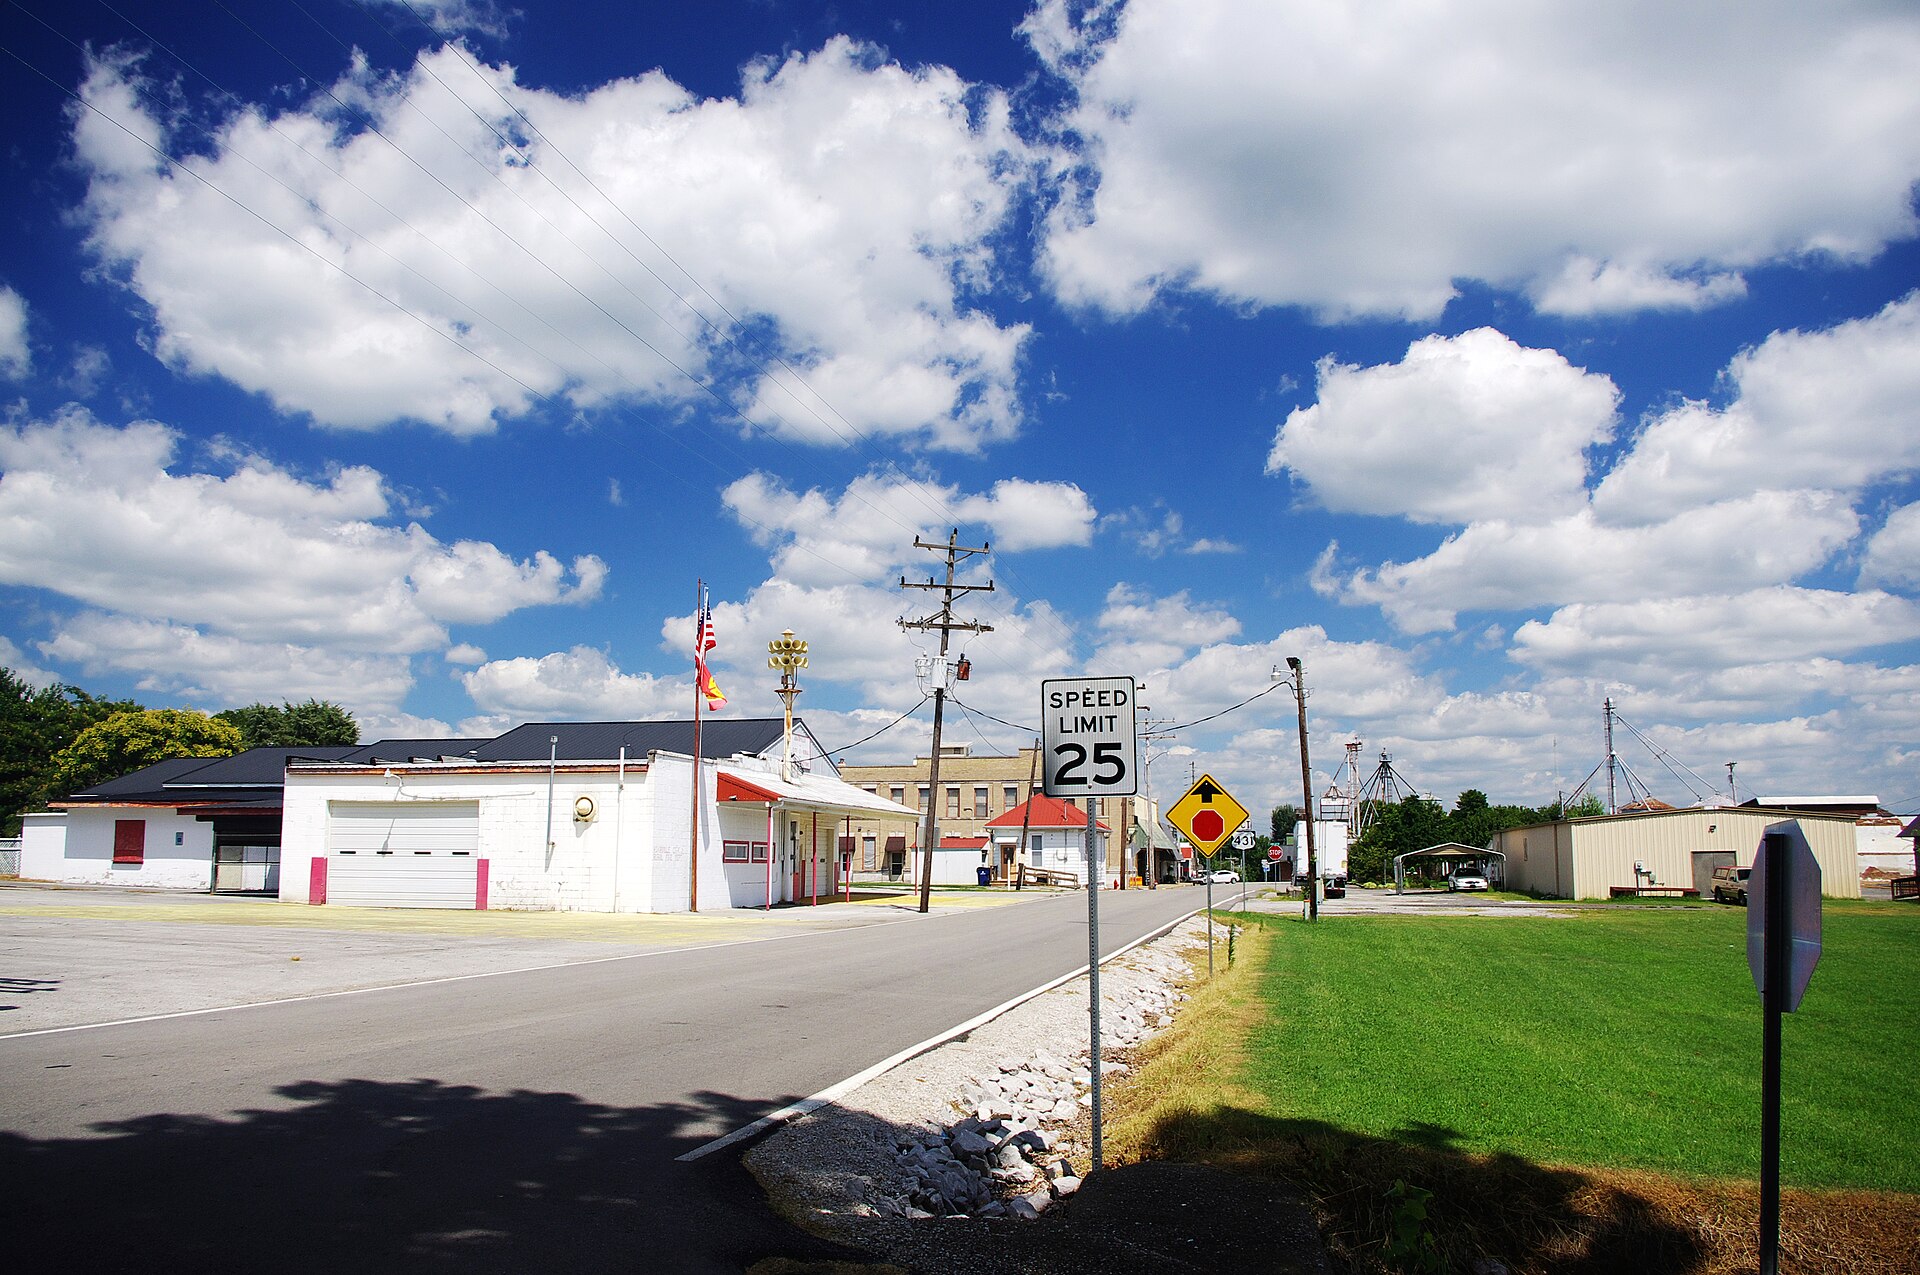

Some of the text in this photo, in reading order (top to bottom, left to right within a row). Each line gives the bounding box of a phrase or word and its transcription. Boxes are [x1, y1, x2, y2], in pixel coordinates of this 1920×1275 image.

[1050, 690, 1127, 708] SPEED
[1060, 715, 1117, 733] LIMIT
[1053, 742, 1126, 785] 25
[1233, 835, 1254, 846] 431
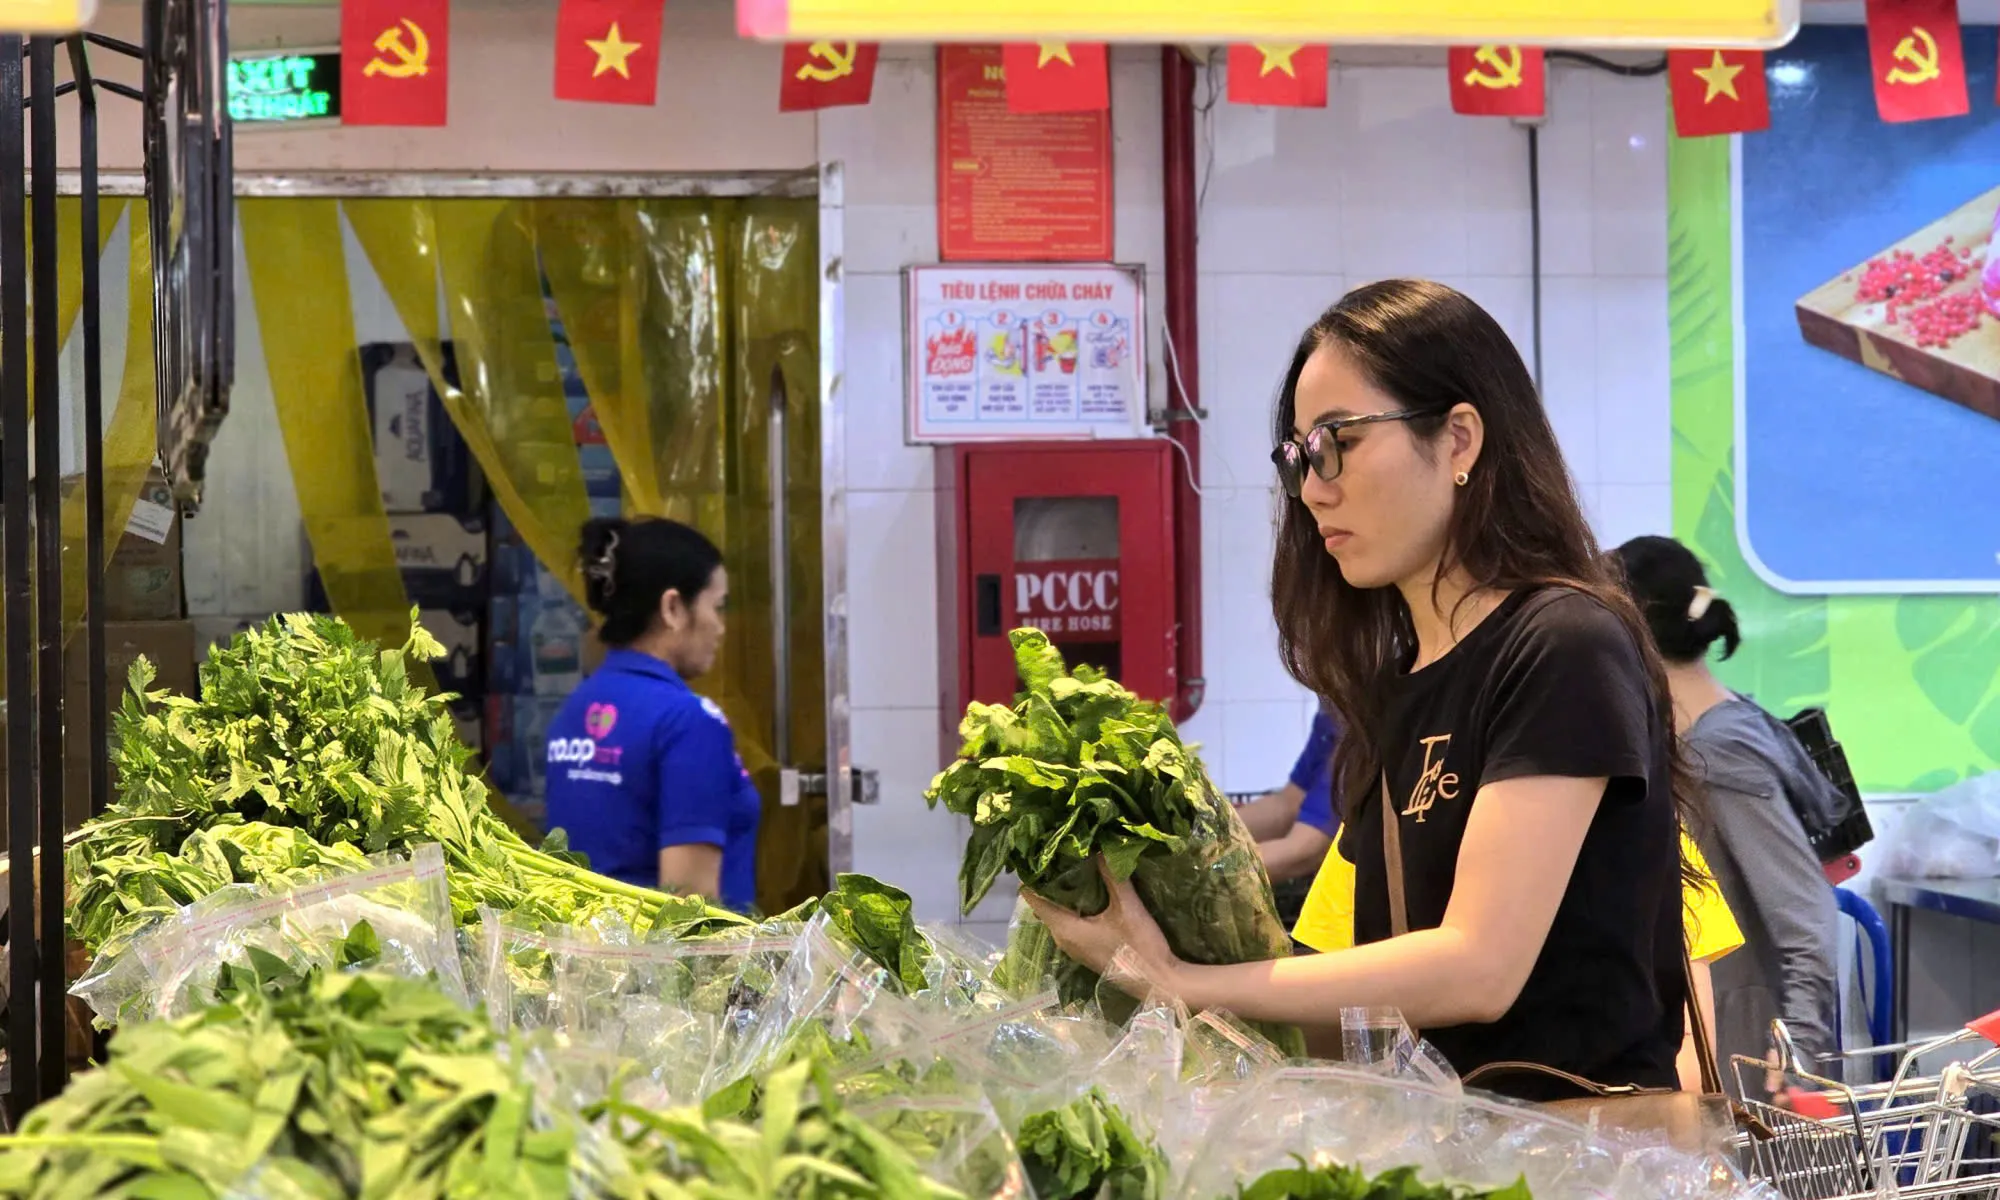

**Exercise directions**:
If the data includes images, omit them, and set down everything else exactly as above.

**Solved exercise**:
Some of the text in this photo, in reading order (top to bottom, left to right within a row). Each line gives the bounding box of a phrase or word and its transcription. Boxes are [x1, y1, x2, y2], in pixel coordinates of this 1920×1275 image.

[1050, 690, 1127, 708] SPEED
[1060, 715, 1117, 733] LIMIT
[1053, 742, 1126, 785] 25
[1233, 835, 1254, 846] 431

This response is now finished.